5th Judge/Executive of Jefferson County
- In office January 4, 1999 – January 6, 2003
- Preceded by: David L. Armstrong
- Succeeded by: Ken Herndon

Personal details
- Party: Republican

= Rebecca Jackson (politician) =

American politician

Rebecca Jackson is a former Republican politician from Louisville, Kentucky. She previously served as the Jefferson County Judge/Executive and also ran unsuccessfully for the Republican party nomination for governor. She is the former chief executive officer of the WHAS Crusade for Children, a local charity that operates a large annual telethon.

==Early life==
Jackson was born in Short Creek in Grayson County. She graduated from Southern High School in Louisville and earned bachelor's and master's degrees from the University of Louisville. She served as a teacher, first for first grade and later serving special needs students, and administrator in the Jefferson County Public Schools system. In 1987, Jackson founded JobCenter, an employment agency serving the disabled.

==Political career==
Jackson first won elected office in 1989, upsetting long-time Democratic incumbent Jefferson County clerk Jim Malone.
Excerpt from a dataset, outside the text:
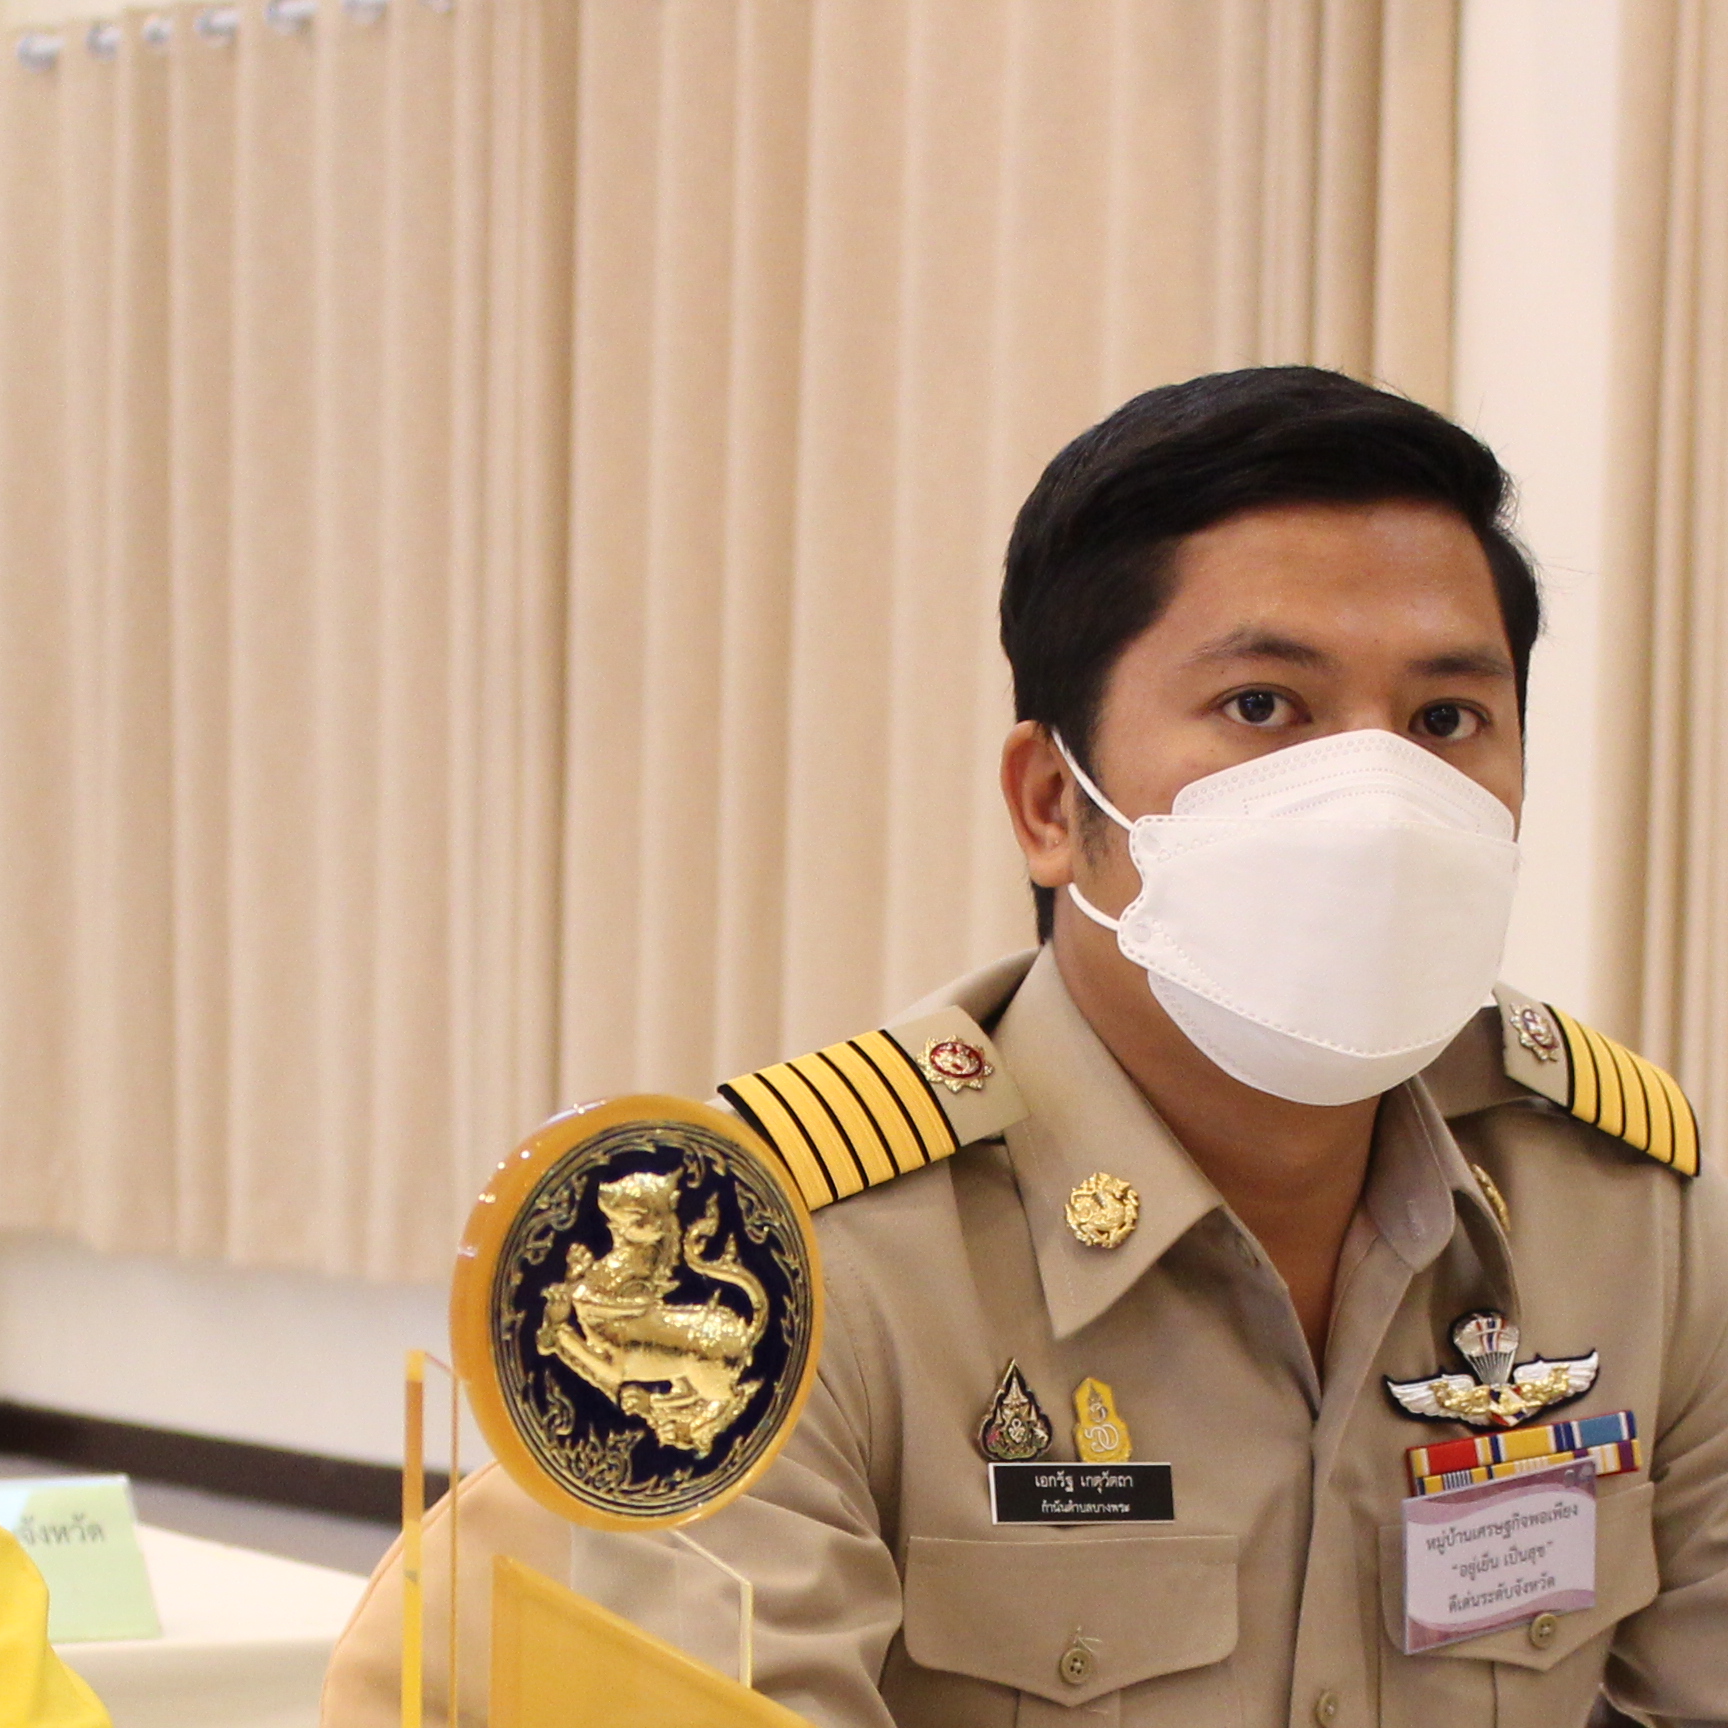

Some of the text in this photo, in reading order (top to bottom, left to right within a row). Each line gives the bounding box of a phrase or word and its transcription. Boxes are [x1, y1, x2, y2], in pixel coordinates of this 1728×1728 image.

[1035, 1470, 1075, 1493] เอกรัฐ
[1426, 1500, 1579, 1553] หมู่บ้านเศรษฐกิจพอเพียง
[1448, 1572, 1556, 1614] ดีเด่นระดับจังหวัด
She was re-elected in 1993. In 1998, Jackson ran for and won the race for Judge/Executive; she was sworn in on January 1, 1999, and served one term. She was the last person to serve in that office before city and county governments merged in 2002; the office was largely replaced by the Mayor of Louisville Metro, though technically the office still exists in a largely ceremonial capacity. Jackson had been a staunch proponent of a consolidated city-county government.

==Activism career==
Jackson ran for governor in 2003, losing in the primary election to Ernie Fletcher, who eventually won the seat.
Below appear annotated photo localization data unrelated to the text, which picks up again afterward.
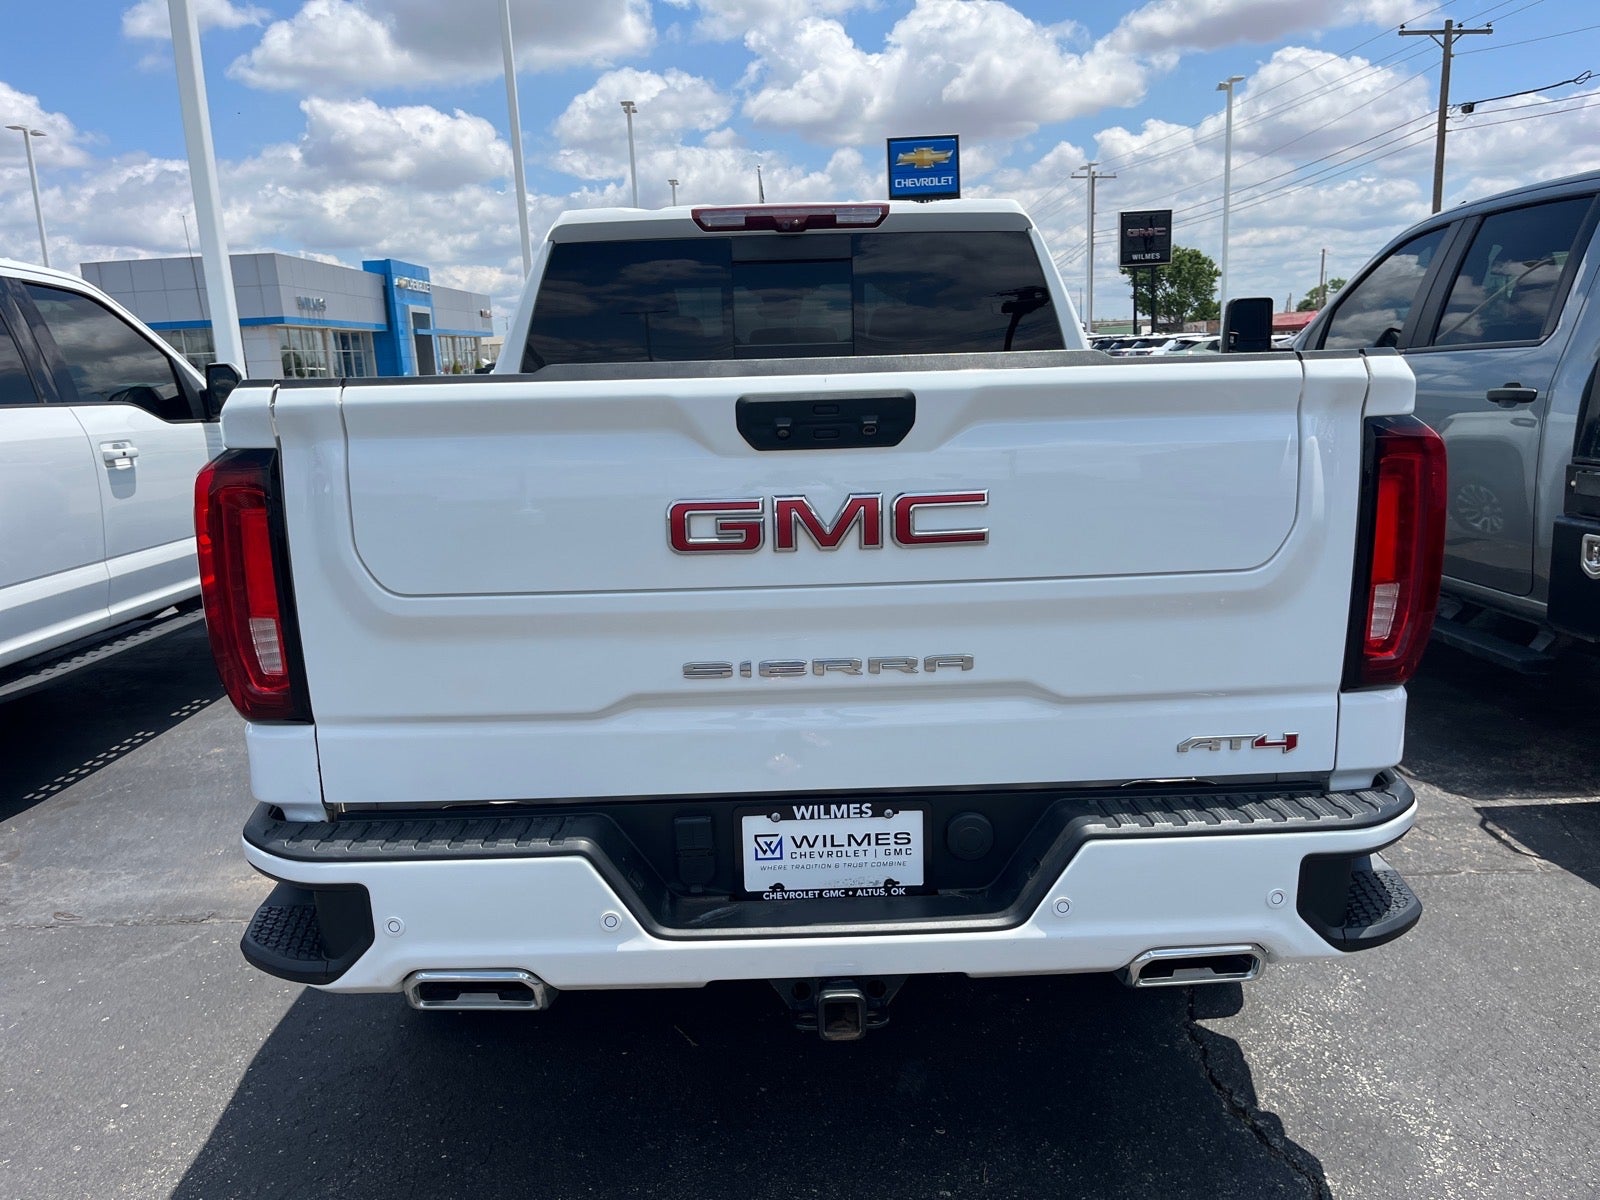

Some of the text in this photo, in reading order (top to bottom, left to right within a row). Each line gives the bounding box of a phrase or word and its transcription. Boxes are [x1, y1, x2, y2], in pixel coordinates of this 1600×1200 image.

[894, 176, 954, 188] CHEVROLET
[1126, 227, 1167, 237] GMC
[1131, 252, 1161, 261] WILMES
[666, 489, 989, 555] GMC
[682, 653, 974, 679] SIERRA
[1177, 732, 1299, 753] AT4
[792, 803, 873, 820] WILMES
[790, 831, 912, 849] WILMES
[790, 847, 913, 859] CHEVROLET GMC
[843, 861, 868, 869] TRUST
[763, 887, 906, 900] CHEVROLET GMC ALTUS, OK
Jackson joined the WHAS Crusade for Children in 2005, the first person from outside the WHAS-TV corporate structure to hold the post. She was instrumental in establishing an endowment for the telethon, funded by bequests from people who left donations to the Crusade in their wills. The endowment is designed to fund the day-to-day operating expenses of the organization, allowing 100 percent of the donations collected from the general public to go directly to agencies providing direct services to children with special needs.

Jackson is the author of the children's book Mackenzie And The Baby Robin. Released in 2004, the book has a religious message and features her oldest grandchild, Mackenzie. The book was illustrated by her cousin, Richard Wayne Thompson.

==Personal life==
On the web site of her gubernatorial campaign, Jackson listed her "first home" as Short Creek, Kentucky.

Jackson has been married to Ralph W. Jackson since 1969. The couple has three sons, three granddaughters, a grandson, two step-granddaughters and a foster daughter.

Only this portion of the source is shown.